Травница кивнула понимающе.
— Как тебя зовут? — спросила она.
— Мелисса, — без колебания ответила девушка.
После их встречи женщина сообщила деревне, что угрозы в страннице нет, и она может остаться у них несколько дней, отдохнуть на своем длинном пути.
Глава 37. Рождение капитана
Ригзури больше не мог найти себе место. Расхаживал туда-сюда, принимался то за одно, то за другое дело. Он уходил рыбачить, плел корзины, отправлялся на целый день в джунгли. Ничто не приносило ему успокоения, даже близость с Кией. Более того, он стал реже искать с ней контакта.
После гибели сестры все будто утратило цель. Среди пиратов Ригзури заработал себе славное имя и репутацию за время набегов. Но все это не было его стремлением, а происходило попутно, хоть и доставляло порой удовольствие. Молодому мужчине пришлось по вкусу скитание в морях, распахнутые крылья парусов над головой, соленый ветер и даже раж сражений. Но зачем все это было нужно теперь? Другие искали наживы, кто-то мести, в ком-то просто кипела молодая кровь, жажда всплеска чувства опасности в крови и интерес женщин, тянущихся к смельчакам. Впрочем, в пираты шли не от хорошей жизни и, возможно, другие альтернативы были много печальней. И морские бродяги старались взять по максимуму от такой жизни, а все сторонние мысли утопить в крепких напитках, благо последние на Каперании делать умели. Пальма, обильно произраставшая здесь, служила источником для крепкого напитка, подававшегося в тавернах. Да и материковые напитки тоже частенько попадались на захваченных кораблях. Виноградная лоза росла только на материке, и потому в «нерыбные дни» приходилось довольствоваться лишь пальмовой «водицей».
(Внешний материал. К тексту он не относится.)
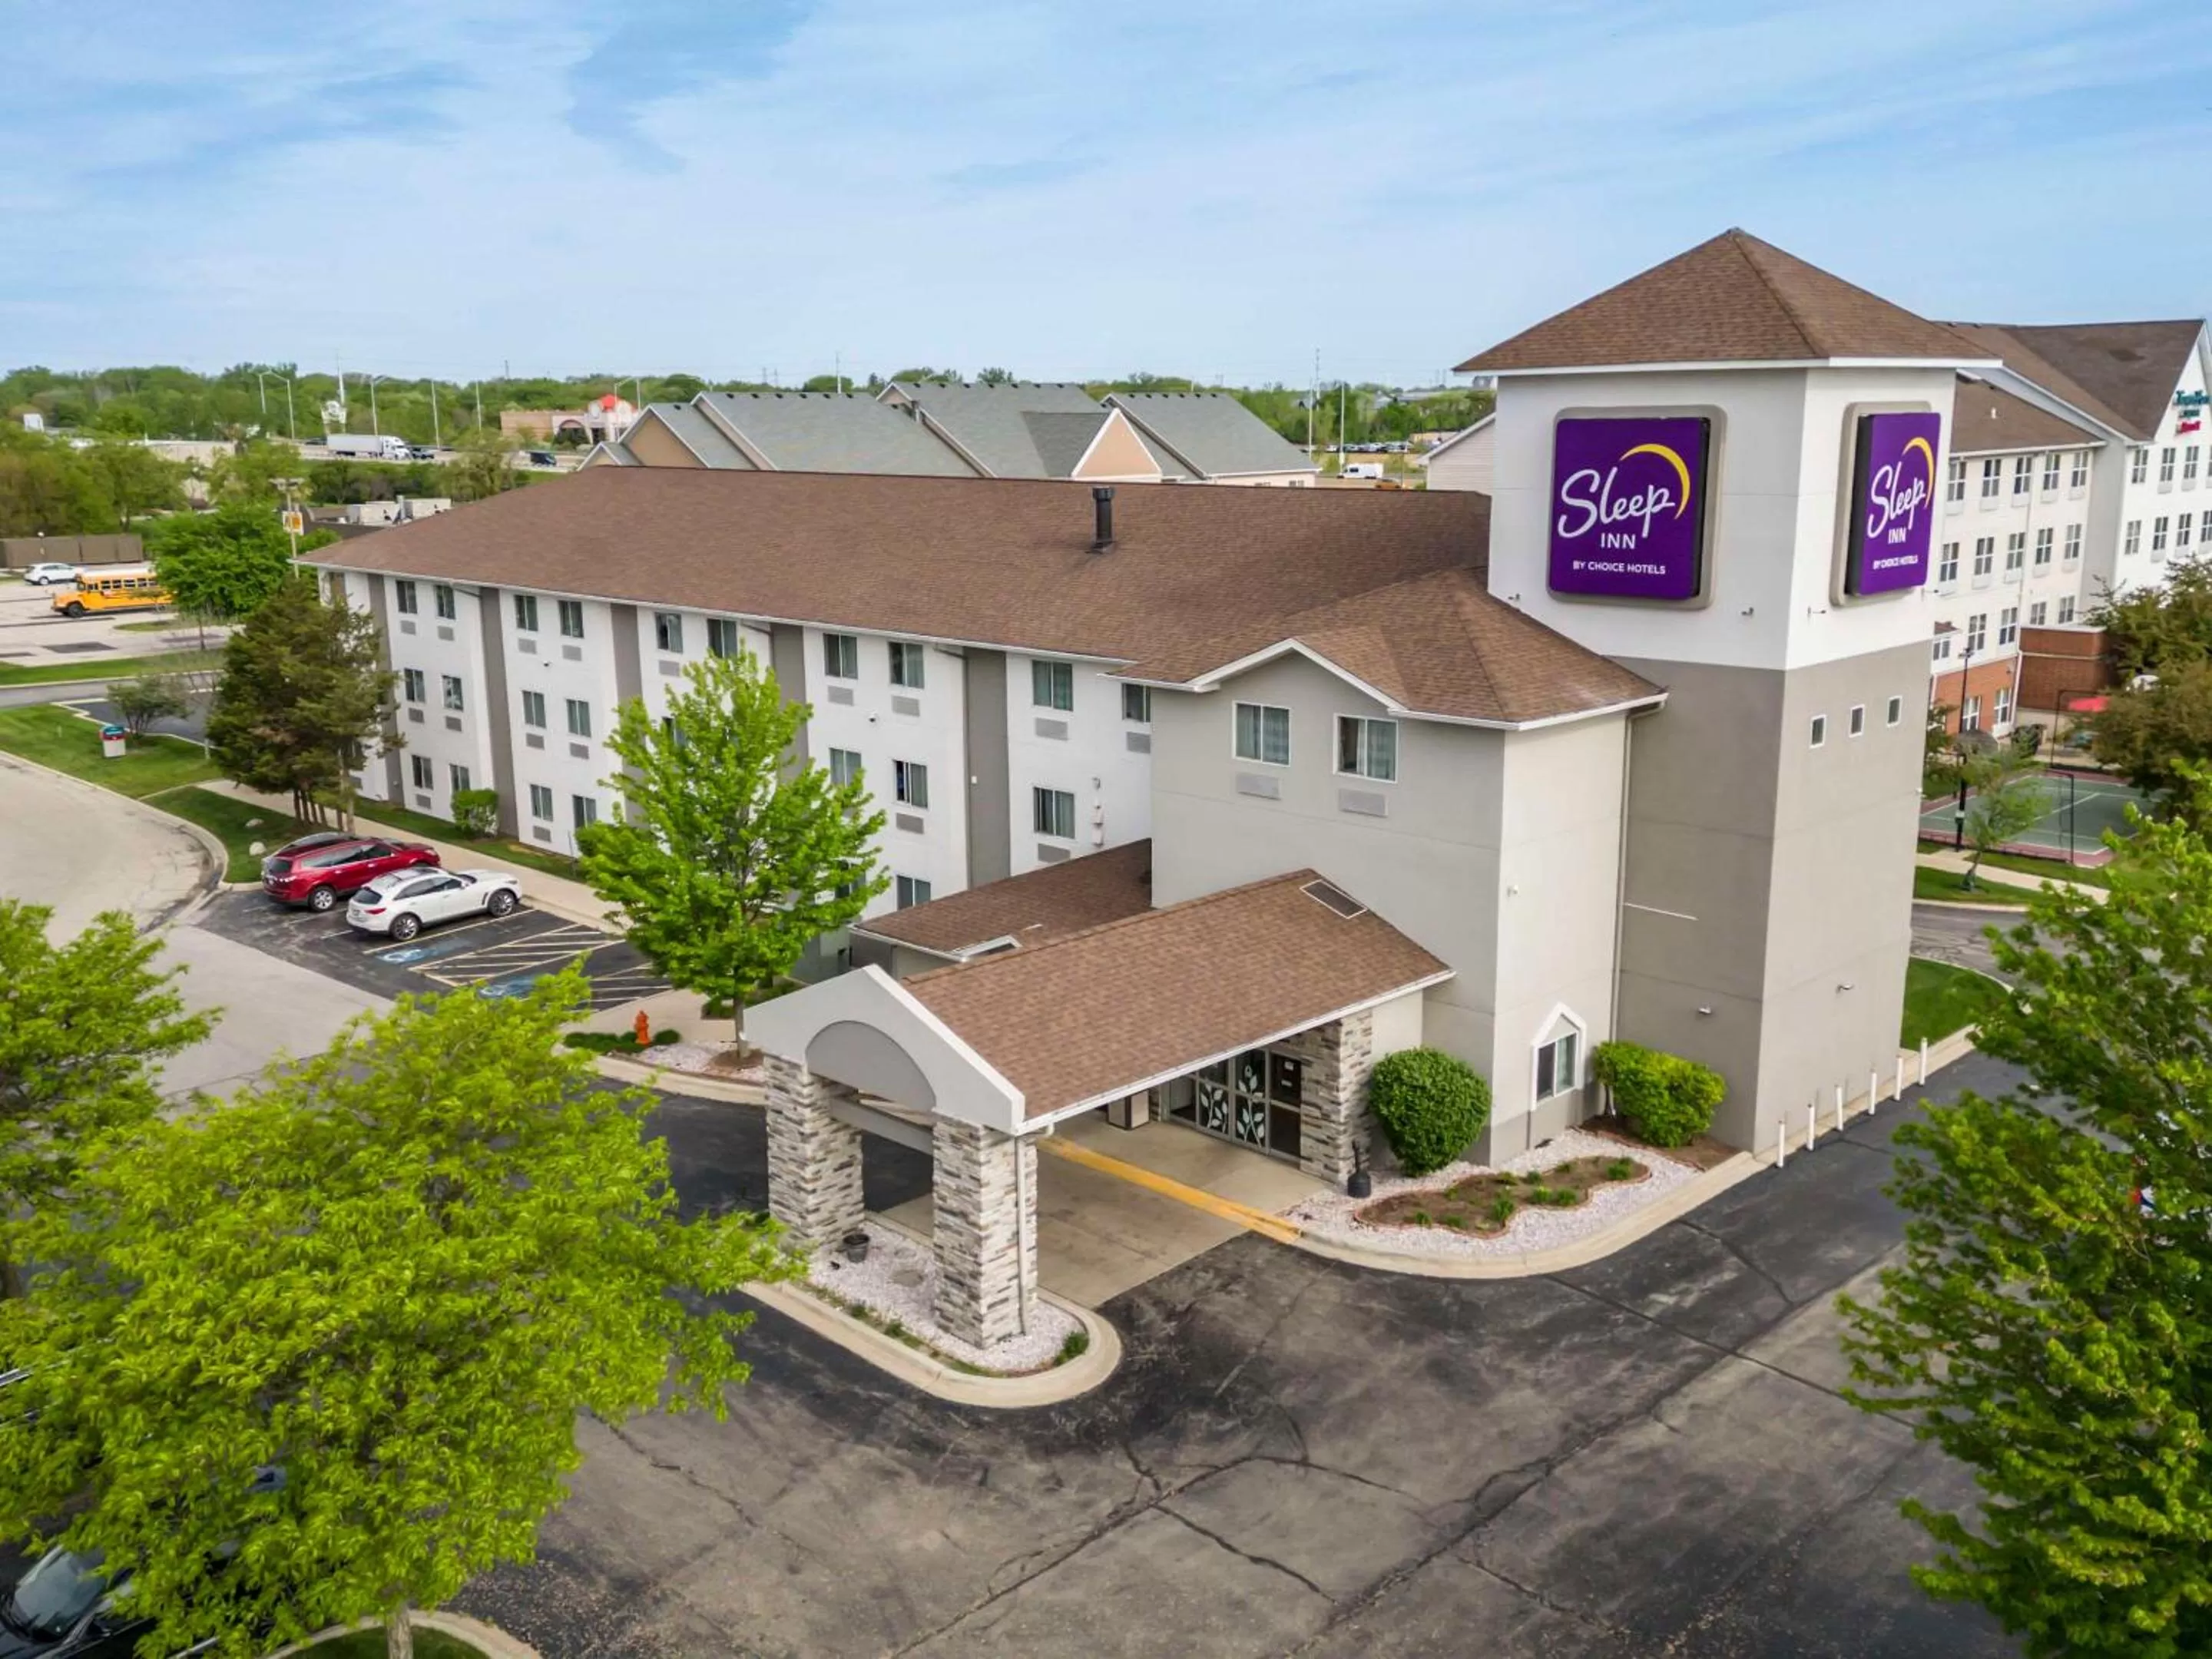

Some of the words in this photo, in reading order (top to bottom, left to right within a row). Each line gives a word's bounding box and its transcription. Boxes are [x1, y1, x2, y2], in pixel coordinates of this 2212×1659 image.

[1558, 466, 1676, 538] Sleep
[1867, 461, 1926, 538] Sleep
[1601, 532, 1637, 550] INN
[1888, 526, 1907, 545] INN
[1573, 560, 1586, 570] BY
[1588, 561, 1625, 572] CHOICE
[1627, 563, 1666, 575] HOTELS
Ригзури этими напитками не злоупотреблял. Как ни тяжело было на сердце, он не считал, что эту тоску можно да и нужно глушить помутнением рассудка. Рассудок же его не давал ему покоя ни ночью, ни днем. Он все чаще подкидывал ему воспоминания о сестре. А порой во снах приходил убитый жрец. Звал его на корабль, манил окровавленной рукой и смотрел пристально пустыми глазницами. Ригзури просыпался в холодном поту. Его обнимала и пыталась ласково успокоить Кия, но он отнимал от себя ее руки и уходил к океану.
Ригзури слышал вой диких животных из джунглей и порой хотел, чтобы одна из этих больших пятнистых кошек, о которых рассказывали местные, вышла к нему. Он хотел сражения с этой дикой животной силой. Без оружия. Ничего человеческого. Только крепкое объятье двух жилистых тел, клыки и когти… Но никто к нему из леса не выходил.
Кию пугало состояние Ригзури. Она понимала, что долго так продолжаться не может. И даже если ее возлюбленный не убьет себя сам, он своим состоянием сведет обстоятельства воедино для своей гибели. Она не хотела его терять. Теперь, когда они были свободны, вольны в своей судьбе, у них было все, чтобы добыть себе пропитание, им было, где жить… они могли быть счастливыми, семьей… Но вместо этого он лишь удалялся от нее, он таял на глазах, как морская пена на песке. Но что могла сделать она, если он даже не подпускал ее к себе? Ни ее ласки, ни разговоры, ни еда не выводили его из этого состояния. Даже Топорик, вернувшись из похода, куда отправился по благословению капитана, обнаружил себя бессильным в попытках изменить настрой друга. Он снова звал Ригзури вернуться к прежнему делу, говоря, что команда с радостью встретила бы своего капитана. Но тот и слушать не хотел.